> [Exercise description]:
The expected answer is the full listing, repeated exactly and free of images.

> [Input for this task]:

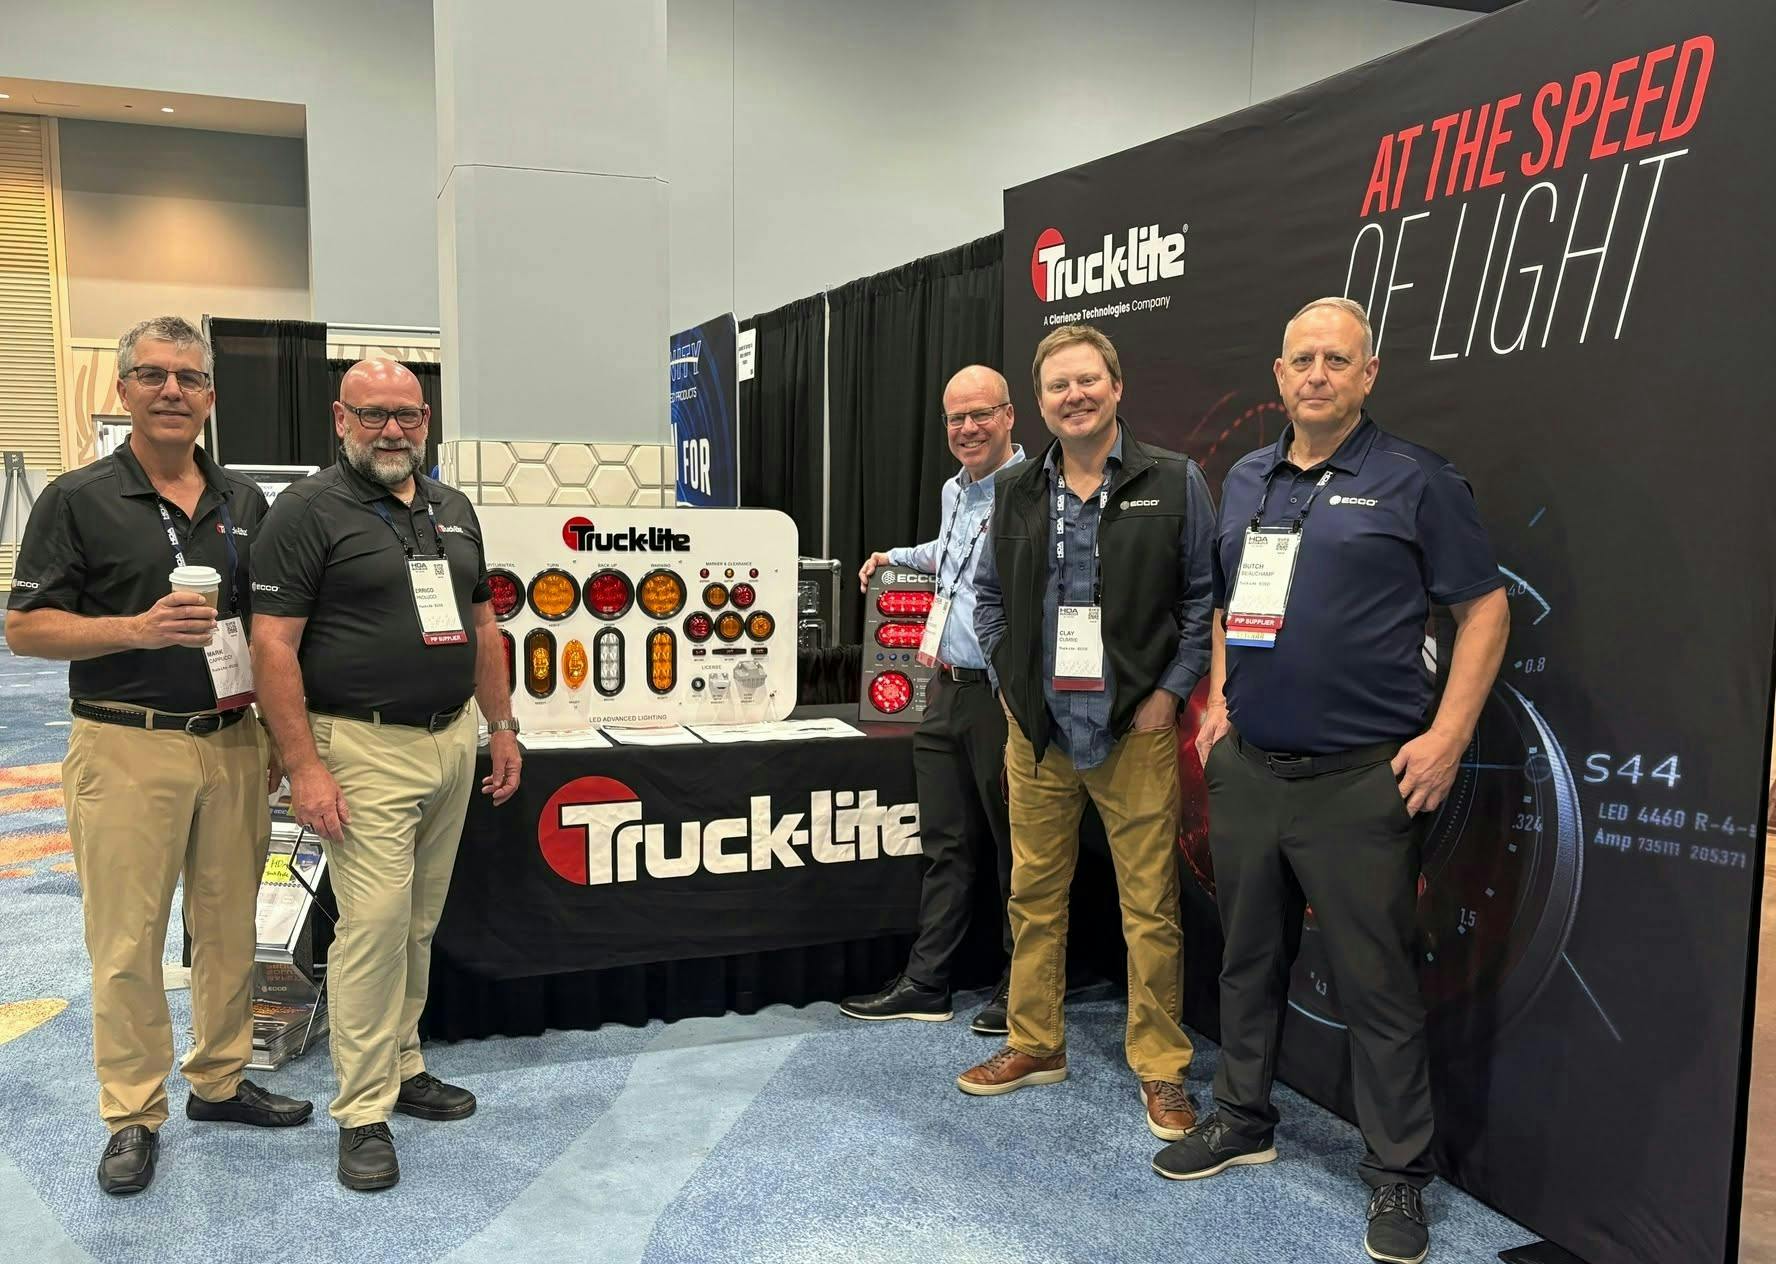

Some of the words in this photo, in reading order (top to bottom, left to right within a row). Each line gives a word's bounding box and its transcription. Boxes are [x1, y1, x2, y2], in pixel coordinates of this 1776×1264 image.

[1360, 124, 1424, 217] AT
[1424, 93, 1522, 202] THE
[1520, 35, 1715, 178] SPEED
[1343, 211, 1430, 357] OF
[1430, 149, 1689, 361] LIGHT
[1043, 316, 1049, 326] A
[1049, 311, 1081, 326] Clarience
[1082, 302, 1130, 320] Technologies
[1131, 296, 1171, 312] Company
[676, 386, 698, 402] PRODUCTS
[683, 438, 711, 496] FOR
[1341, 496, 1376, 507] ECCO
[1246, 617, 1275, 626] SUPPLIER
[206, 649, 224, 657] MARK
[1524, 656, 1546, 673] 0.8
[602, 715, 637, 723] ADVANCED
[637, 714, 668, 722] LIGHTING
[1583, 753, 1682, 788] S44
[1598, 802, 1629, 822] LED
[1637, 806, 1686, 829] 4460
[1593, 827, 1632, 852] Amp
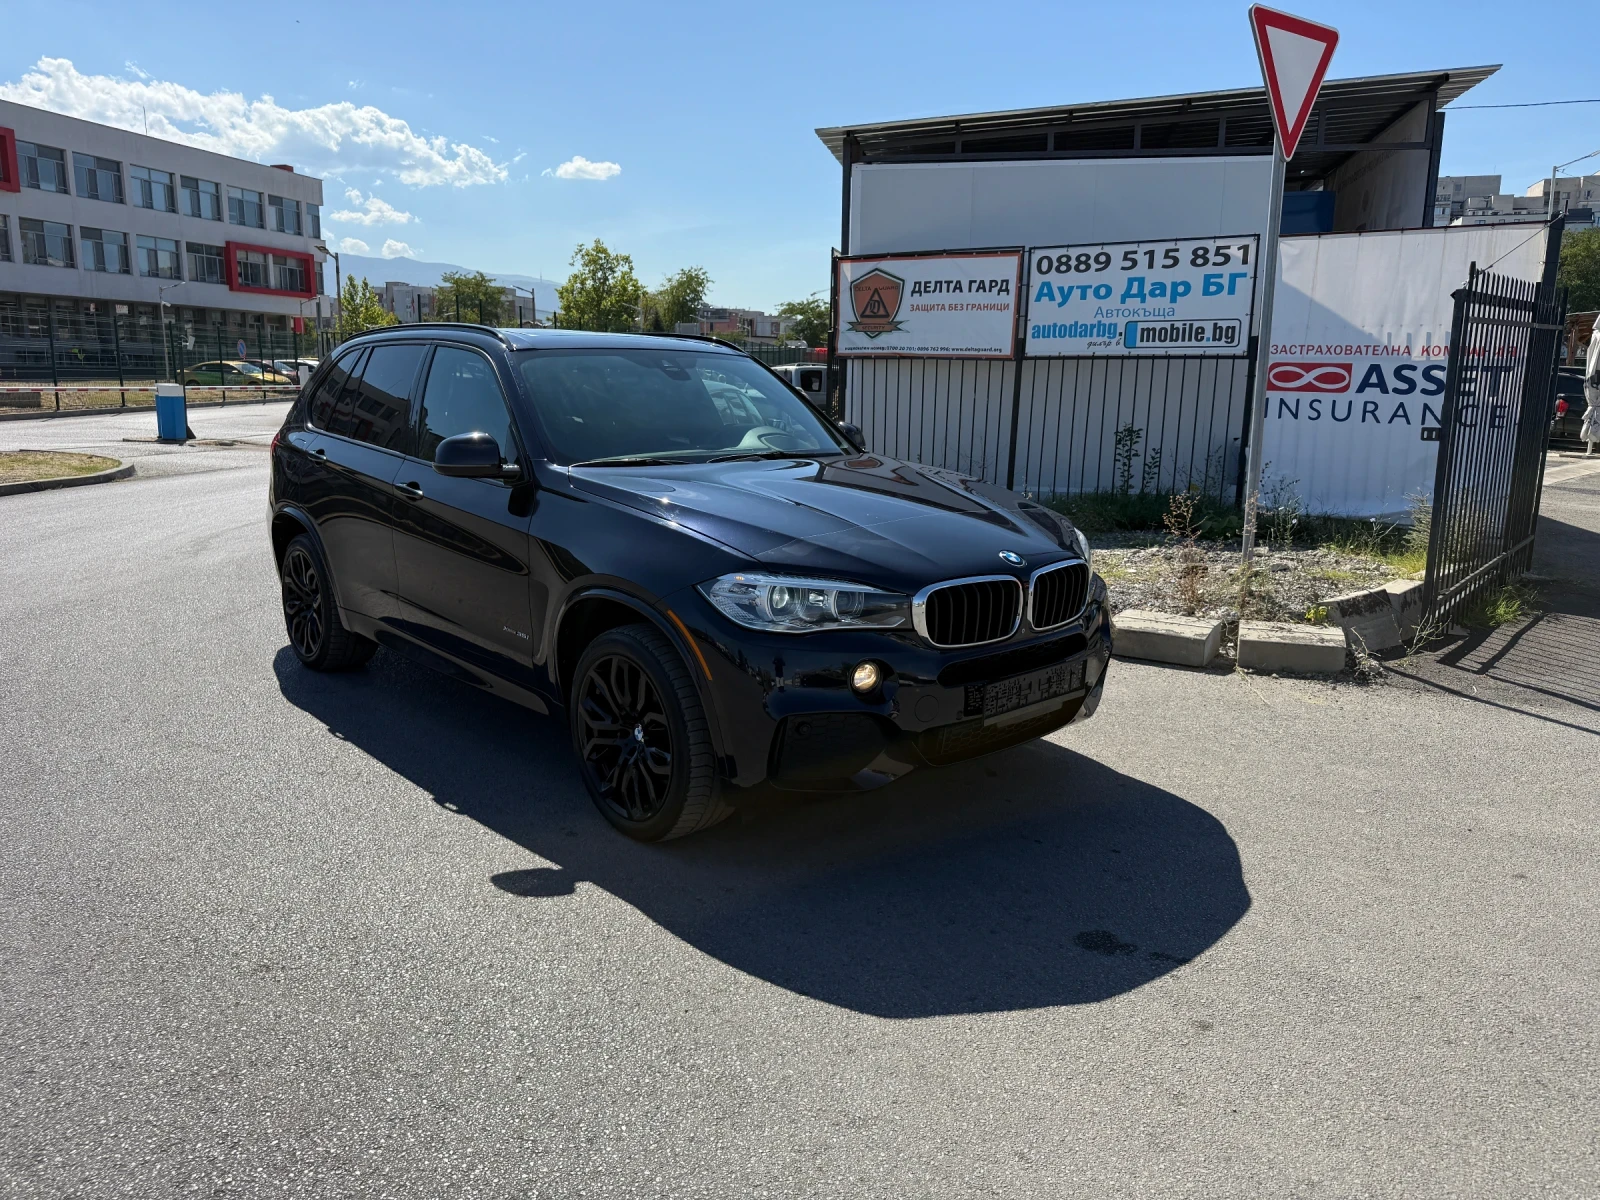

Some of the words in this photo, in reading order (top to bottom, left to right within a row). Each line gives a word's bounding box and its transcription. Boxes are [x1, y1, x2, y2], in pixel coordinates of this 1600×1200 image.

[1036, 252, 1112, 275] 0889
[1120, 248, 1180, 271] 515
[1189, 244, 1250, 268] 851
[910, 280, 964, 297] ДЕЛТА
[968, 279, 1010, 296] ГАРД
[1034, 281, 1113, 308] Ауто
[1120, 276, 1192, 304] Дар
[1201, 272, 1248, 297] БГ
[909, 303, 946, 313] ЗАЩИТА
[948, 303, 964, 312] БЕЗ
[965, 302, 1010, 313] ГРАНИЦИ
[1093, 306, 1176, 319] Автокъща
[1139, 322, 1237, 345] mobile.bg
[1270, 343, 1412, 357] ЗАСТРАХОВАТЕЛНА
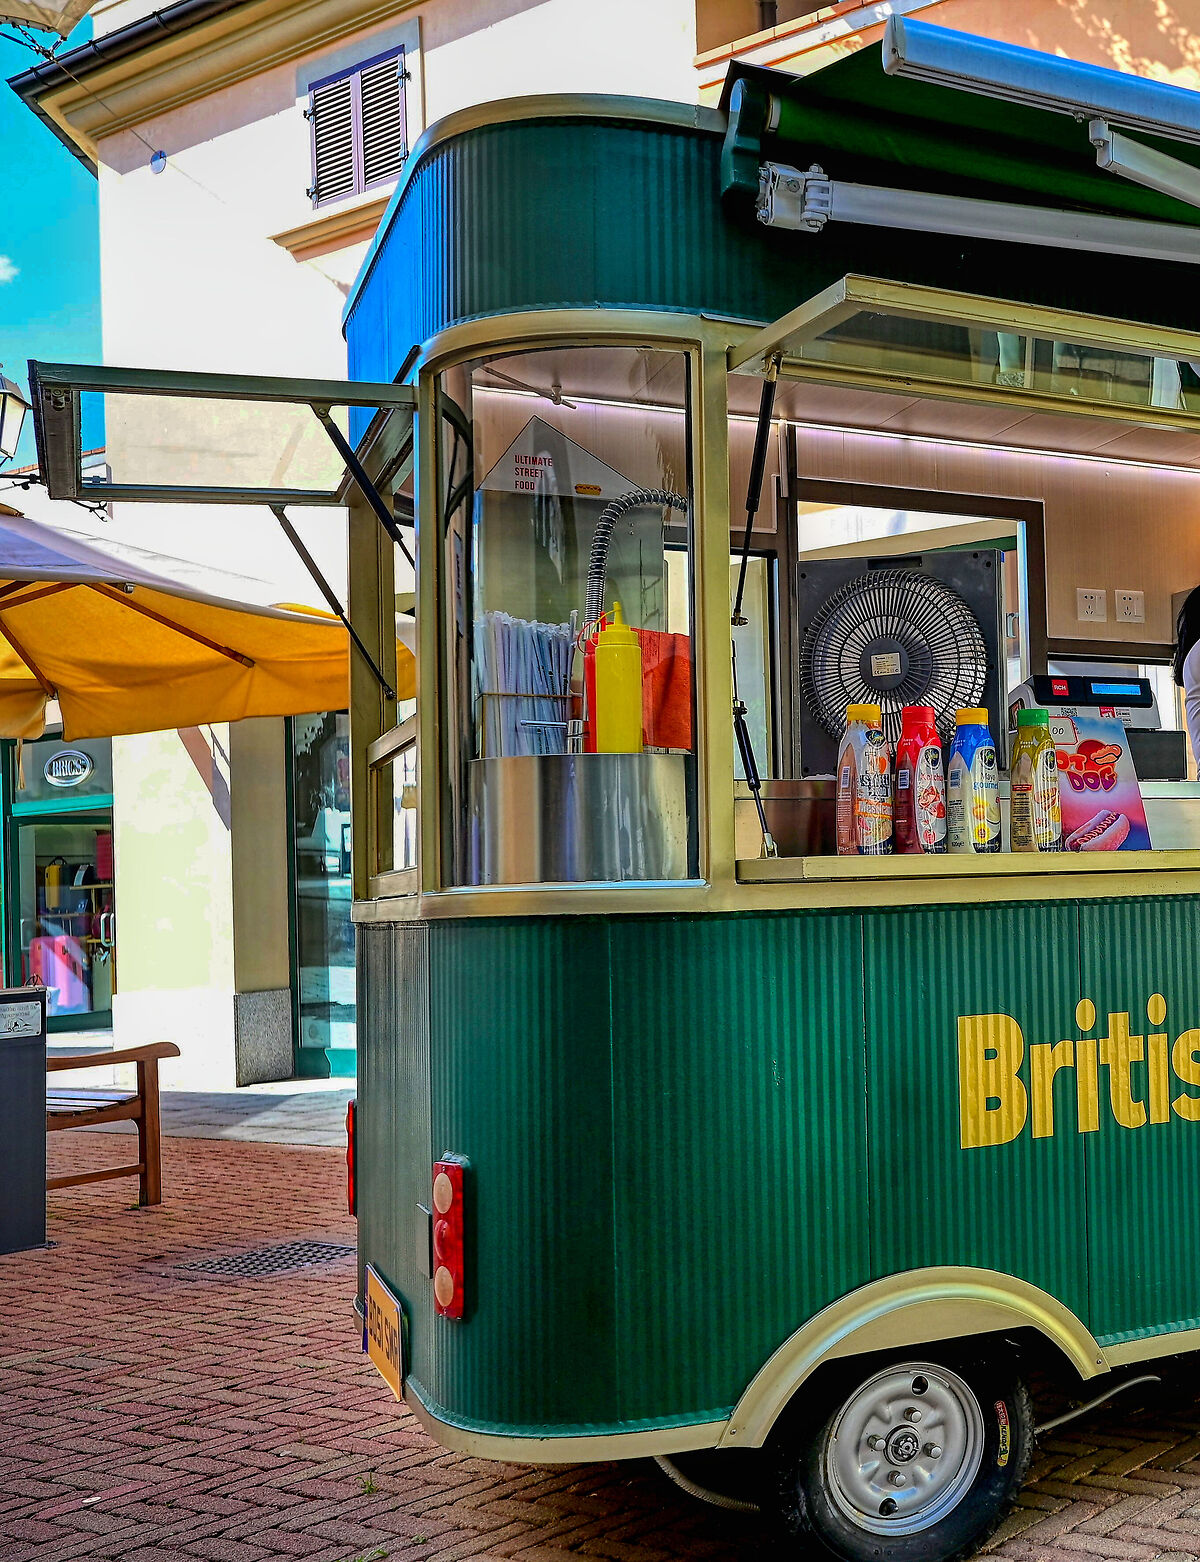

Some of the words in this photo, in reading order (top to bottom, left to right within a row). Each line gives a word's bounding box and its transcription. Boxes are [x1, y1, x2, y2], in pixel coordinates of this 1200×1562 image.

> [Solution for this exercise]:
Some of the words in this photo, in reading order (top to bottom, left to right within a row). Each line gives a word's bounding box and its transcription. Boxes are [x1, y1, x2, y2], in pixel coordinates of this 1776×1264 image.

[1360, 124, 1424, 217] AT
[1424, 93, 1522, 202] THE
[1520, 35, 1715, 178] SPEED
[1343, 211, 1430, 357] OF
[1430, 149, 1689, 361] LIGHT
[1043, 316, 1049, 326] A
[1049, 311, 1081, 326] Clarience
[1082, 302, 1130, 320] Technologies
[1131, 296, 1171, 312] Company
[676, 386, 698, 402] PRODUCTS
[683, 438, 711, 496] FOR
[1341, 496, 1376, 507] ECCO
[1246, 617, 1275, 626] SUPPLIER
[206, 649, 224, 657] MARK
[1524, 656, 1546, 673] 0.8
[602, 715, 637, 723] ADVANCED
[637, 714, 668, 722] LIGHTING
[1583, 753, 1682, 788] S44
[1598, 802, 1629, 822] LED
[1637, 806, 1686, 829] 4460
[1593, 827, 1632, 852] Amp

Some of the words in this photo, in reading order (top to bottom, left to right within a row). Each line gives a word's bounding box and its transcription. Boxes are [x1, y1, x2, y2], in pixel coordinates of this 1600×1200 image.

[1036, 252, 1112, 275] 0889
[1120, 248, 1180, 271] 515
[1189, 244, 1250, 268] 851
[910, 280, 964, 297] ДЕЛТА
[968, 279, 1010, 296] ГАРД
[1034, 281, 1113, 308] Ауто
[1120, 276, 1192, 304] Дар
[1201, 272, 1248, 297] БГ
[909, 303, 946, 313] ЗАЩИТА
[948, 303, 964, 312] БЕЗ
[965, 302, 1010, 313] ГРАНИЦИ
[1093, 306, 1176, 319] Автокъща
[1139, 322, 1237, 345] mobile.bg
[1270, 343, 1412, 357] ЗАСТРАХОВАТЕЛНА

Some of the words in this photo, in reading order (top to bottom, left to right within a row). Each line gives a word's bounding box and its transcription. Boxes are [x1, y1, x2, y2], in pixel coordinates of this 1200×1562 image.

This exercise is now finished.